- What to produce
Transcribe every entry verbatim; omit pictures.

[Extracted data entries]
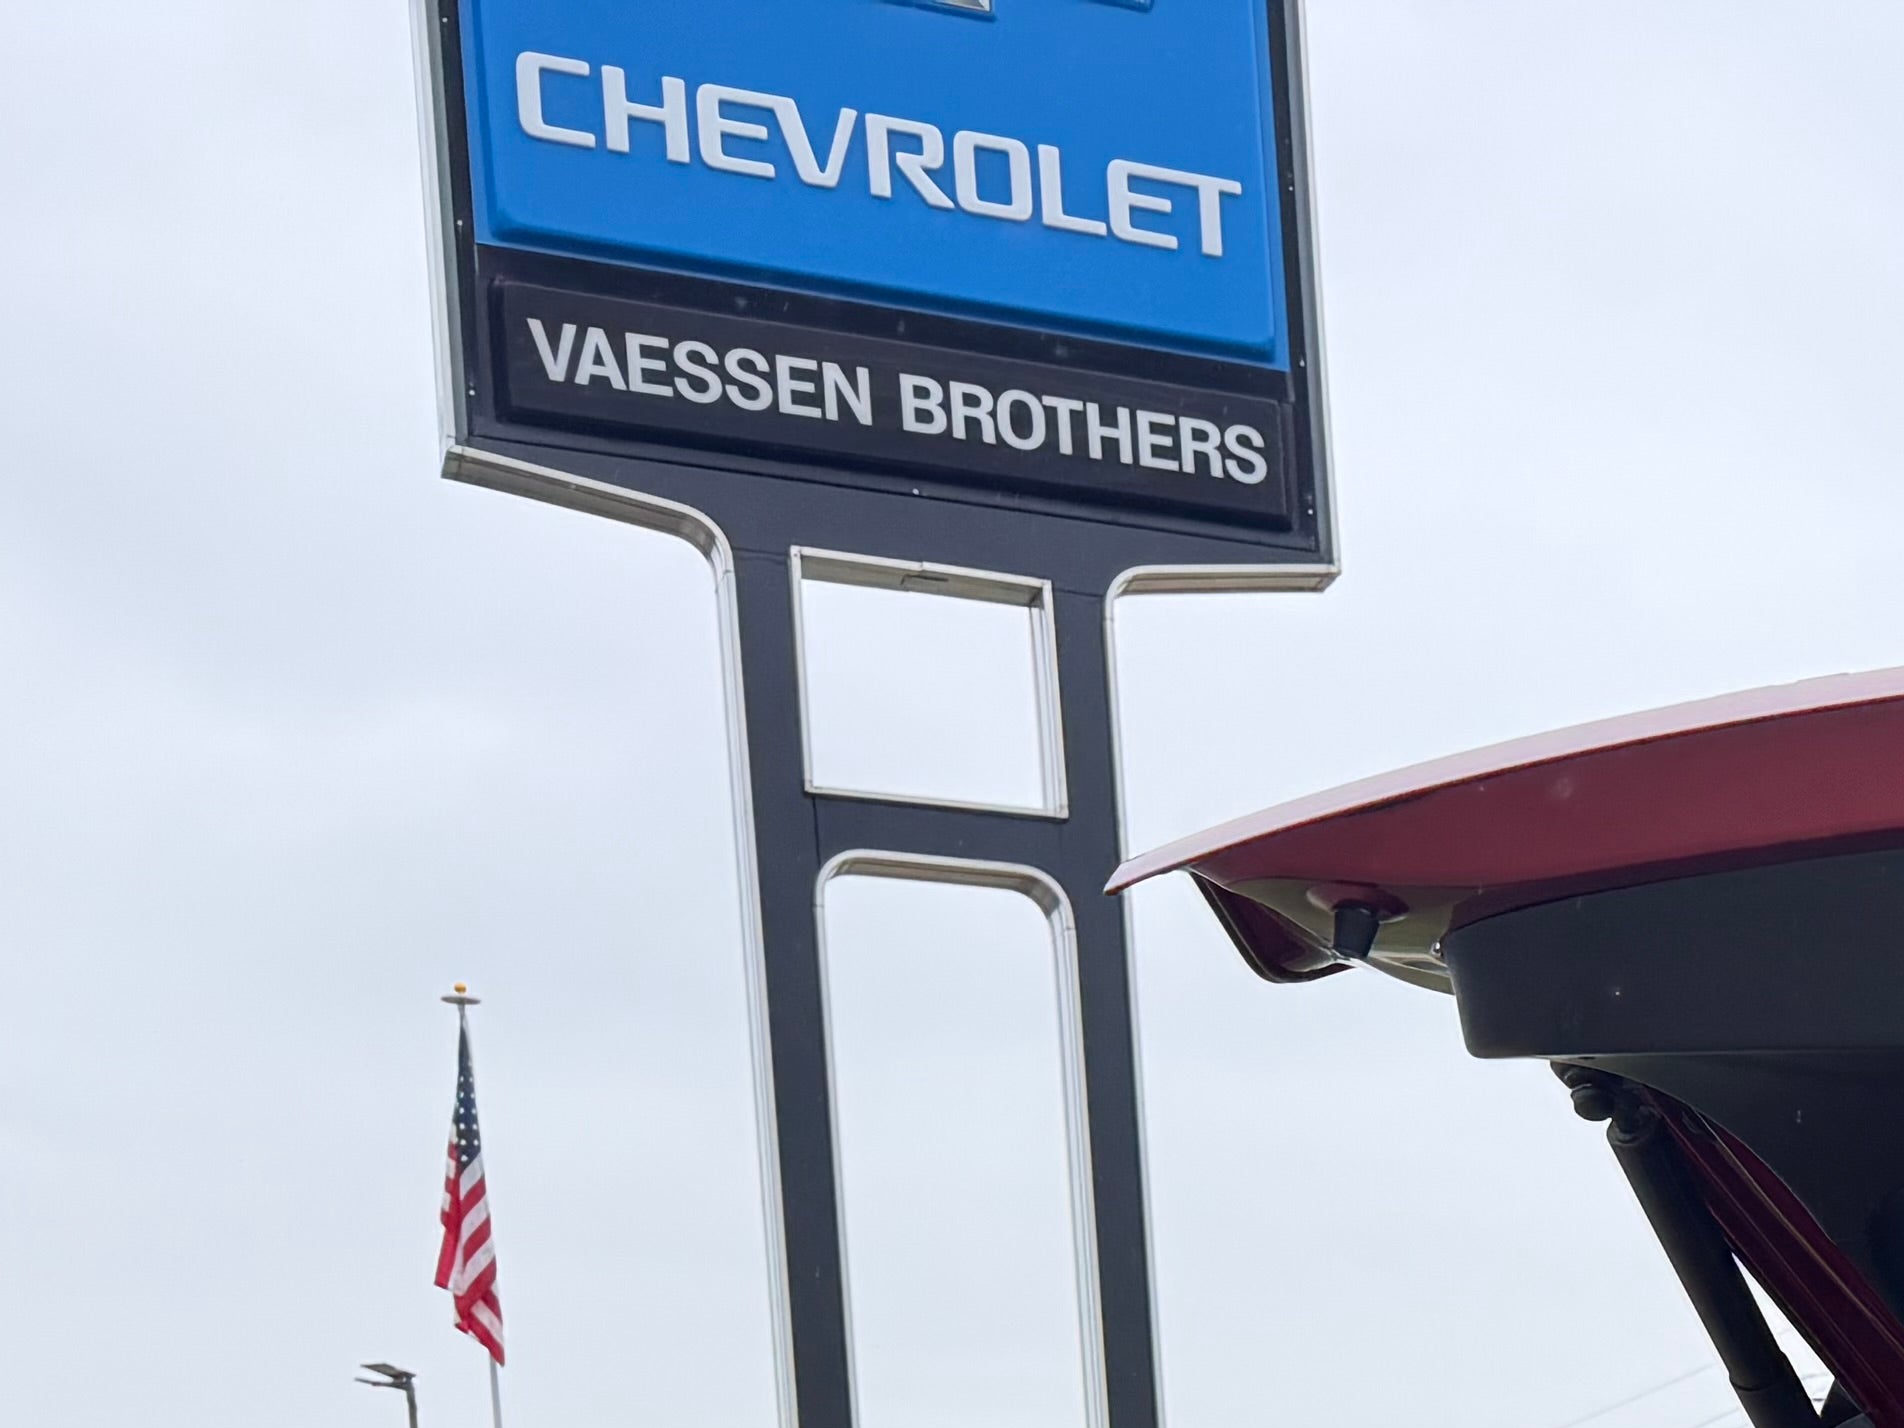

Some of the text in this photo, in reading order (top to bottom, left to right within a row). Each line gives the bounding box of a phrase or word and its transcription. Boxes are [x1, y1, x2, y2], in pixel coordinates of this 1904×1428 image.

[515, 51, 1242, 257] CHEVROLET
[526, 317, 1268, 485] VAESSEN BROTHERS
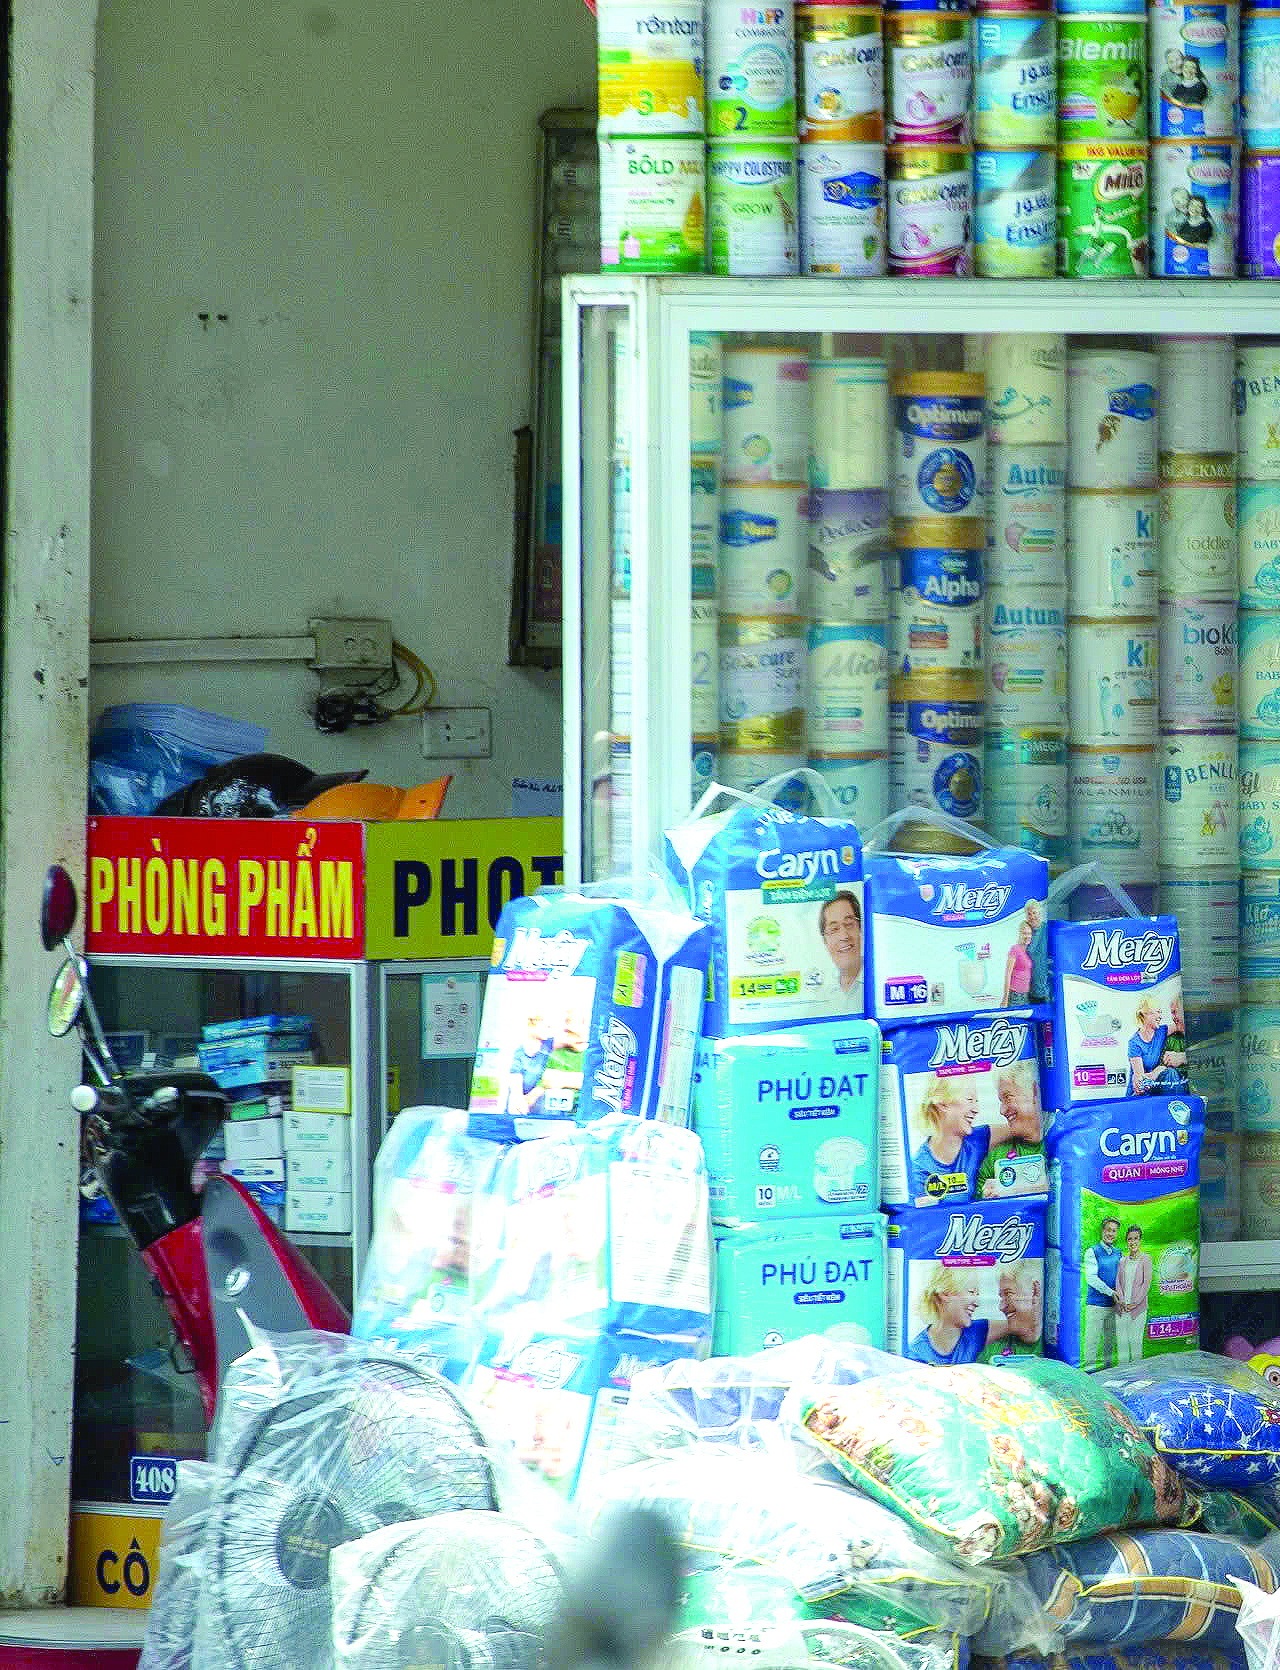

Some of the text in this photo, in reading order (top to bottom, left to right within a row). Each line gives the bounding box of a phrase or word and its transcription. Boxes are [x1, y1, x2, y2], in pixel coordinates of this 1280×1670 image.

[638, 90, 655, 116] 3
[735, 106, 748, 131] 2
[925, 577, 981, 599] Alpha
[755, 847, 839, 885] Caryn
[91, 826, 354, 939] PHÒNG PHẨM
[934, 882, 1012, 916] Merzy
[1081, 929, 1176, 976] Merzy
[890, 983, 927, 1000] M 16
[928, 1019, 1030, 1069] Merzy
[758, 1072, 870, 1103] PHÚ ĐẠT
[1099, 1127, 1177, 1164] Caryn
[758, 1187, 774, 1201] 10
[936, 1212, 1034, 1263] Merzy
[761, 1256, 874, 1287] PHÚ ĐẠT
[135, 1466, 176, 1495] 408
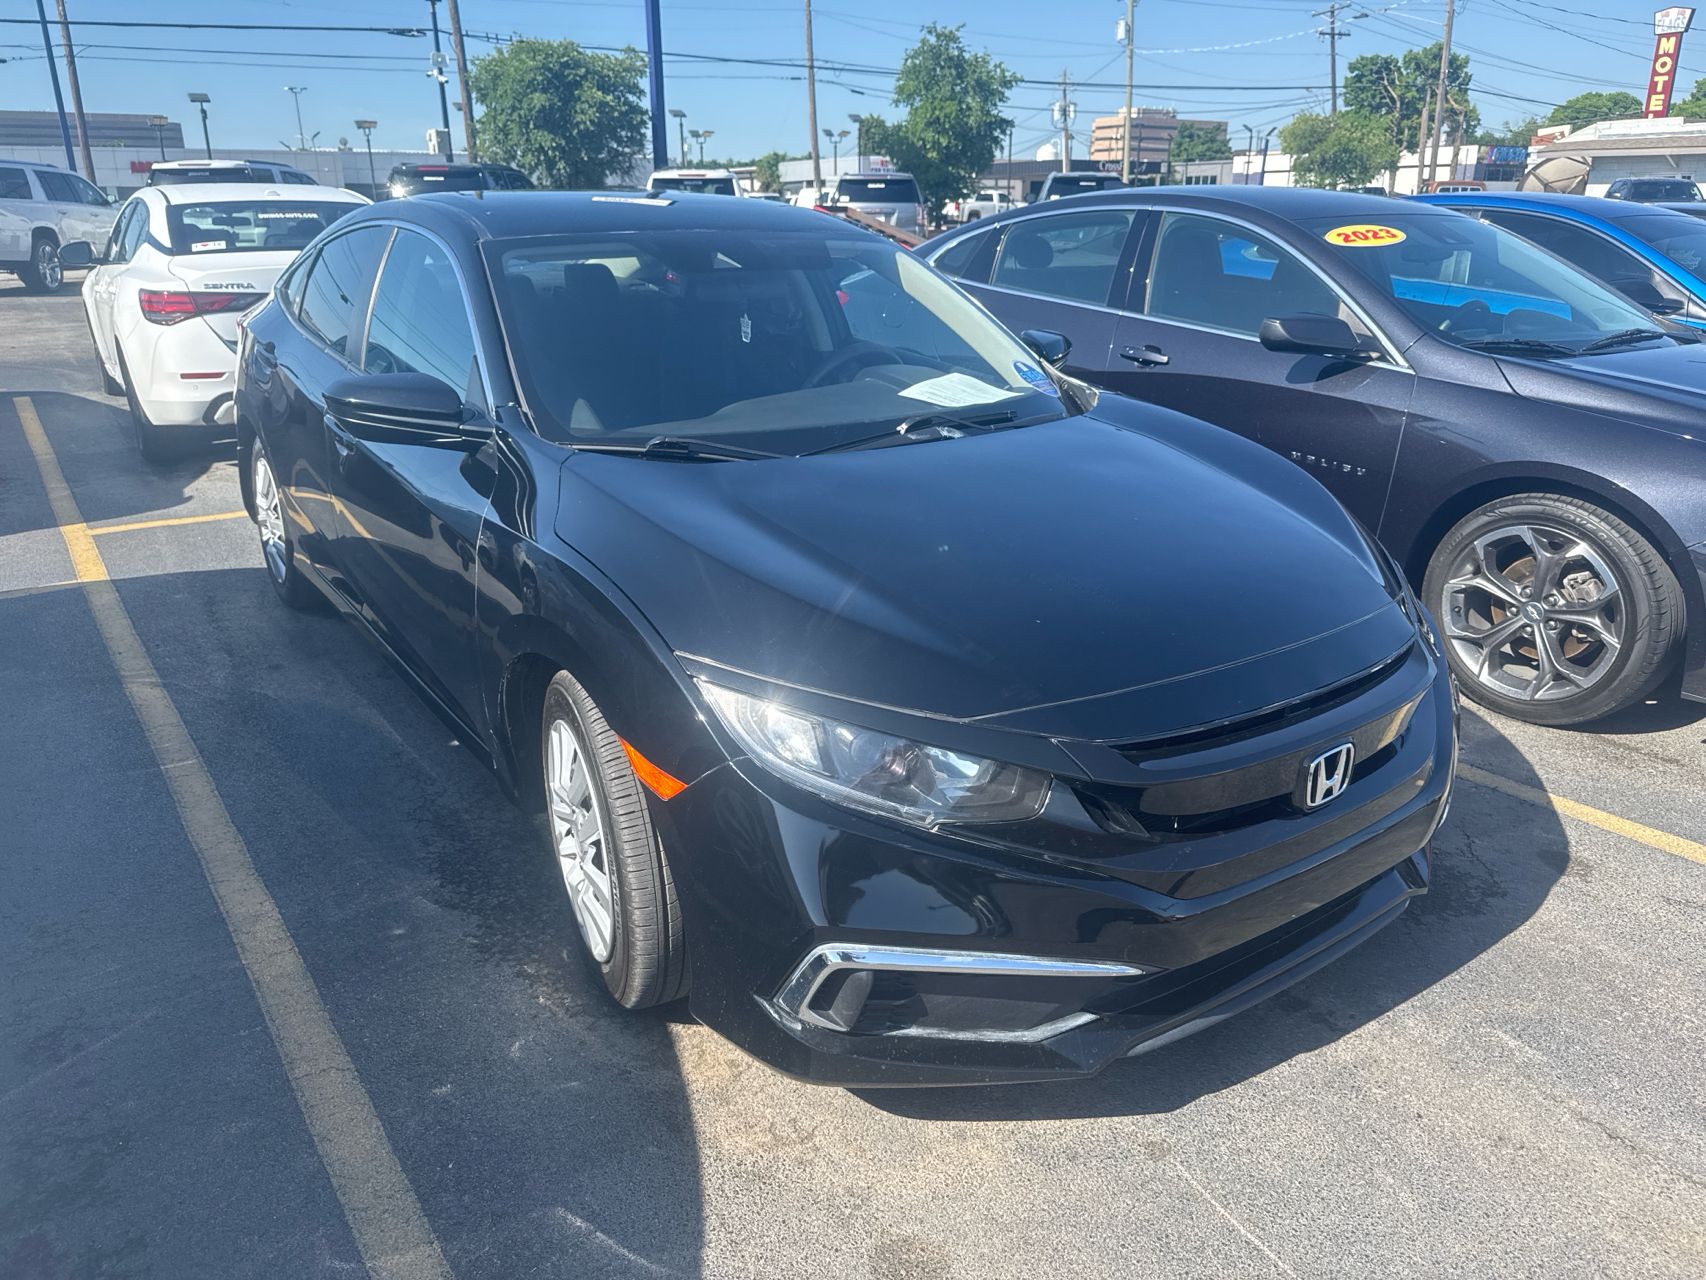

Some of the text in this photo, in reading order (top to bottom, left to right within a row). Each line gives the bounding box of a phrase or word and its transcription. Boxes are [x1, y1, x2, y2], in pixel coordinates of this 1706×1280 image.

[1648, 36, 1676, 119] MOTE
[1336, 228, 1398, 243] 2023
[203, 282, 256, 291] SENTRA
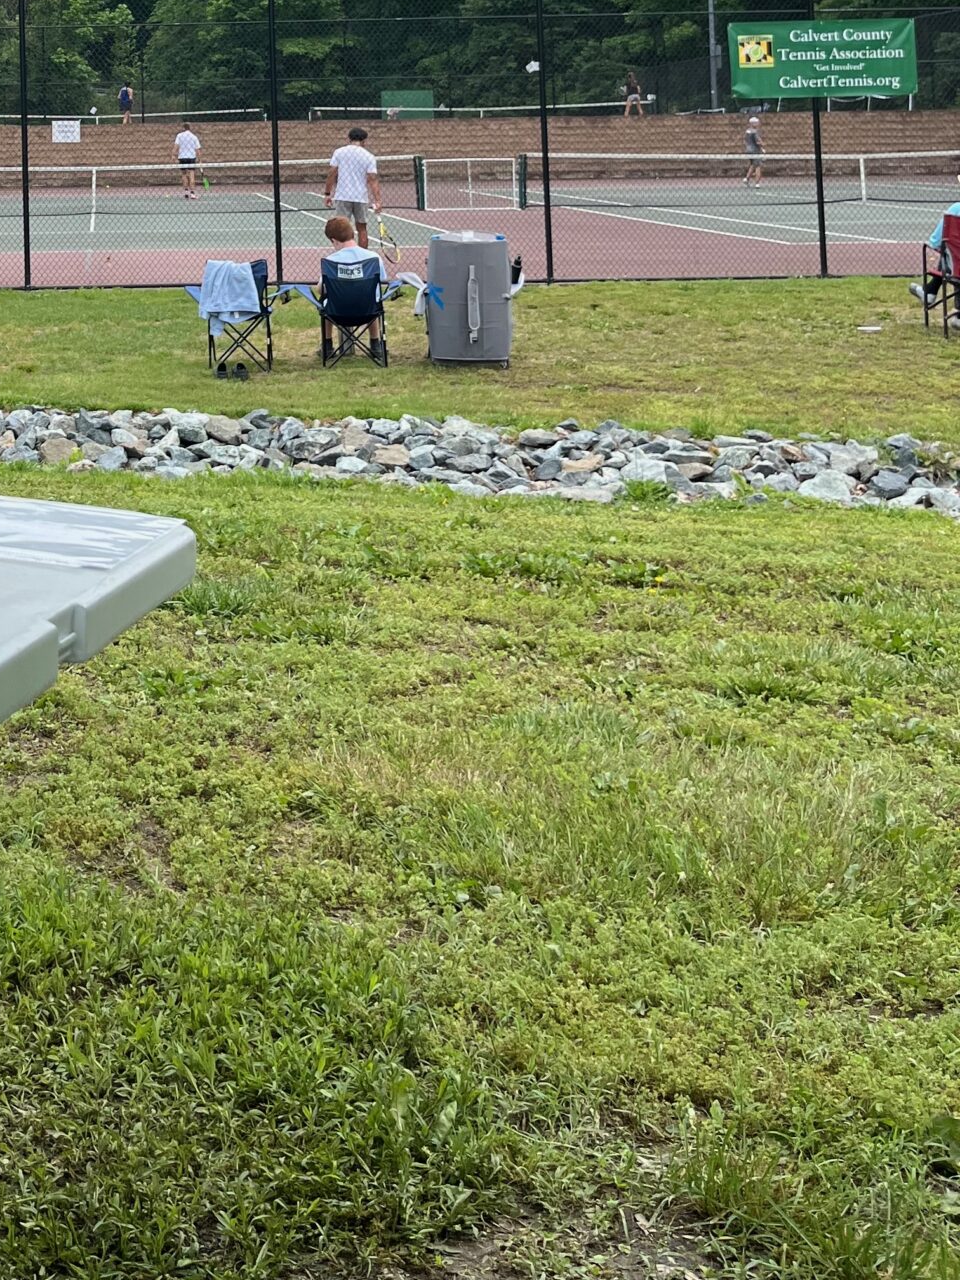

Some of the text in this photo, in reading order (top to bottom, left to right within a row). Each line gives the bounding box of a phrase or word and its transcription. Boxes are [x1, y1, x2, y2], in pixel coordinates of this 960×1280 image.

- Reply to the exercise
Some of the text in this photo, in reading order (top to bottom, left to right within a row). Each line gives the bounding box of a phrase or word and its transcription. Boxes are [x1, y1, x2, y2], in pixel coordinates of this 1904×1428 image.

[515, 51, 1242, 257] CHEVROLET
[526, 317, 1268, 485] VAESSEN BROTHERS

Some of the text in this photo, in reading order (top to bottom, left to right within a row). Each line gives the bounding box of a phrase or word and its transcription. Boxes are [x1, y1, x2, y2], in pixel coordinates of this 1280×1670 image.

[638, 90, 655, 116] 3
[735, 106, 748, 131] 2
[925, 577, 981, 599] Alpha
[755, 847, 839, 885] Caryn
[91, 826, 354, 939] PHÒNG PHẨM
[934, 882, 1012, 916] Merzy
[1081, 929, 1176, 976] Merzy
[890, 983, 927, 1000] M 16
[928, 1019, 1030, 1069] Merzy
[758, 1072, 870, 1103] PHÚ ĐẠT
[1099, 1127, 1177, 1164] Caryn
[758, 1187, 774, 1201] 10
[936, 1212, 1034, 1263] Merzy
[761, 1256, 874, 1287] PHÚ ĐẠT
[135, 1466, 176, 1495] 408

Some of the text in this photo, in reading order (top to bottom, left to right within a row). Each line gives the bounding box of a phrase or word and its transcription. Boxes are [x1, y1, x2, y2], in pixel coordinates of this 1706×1280 image.

[1648, 36, 1676, 119] MOTE
[1336, 228, 1398, 243] 2023
[203, 282, 256, 291] SENTRA

Some of the text in this photo, in reading order (top to bottom, left to right within a row). Each line gives the bounding box of a phrase or word and its transcription. Boxes are [x1, y1, x2, y2], in pixel coordinates of this 960×1280 image.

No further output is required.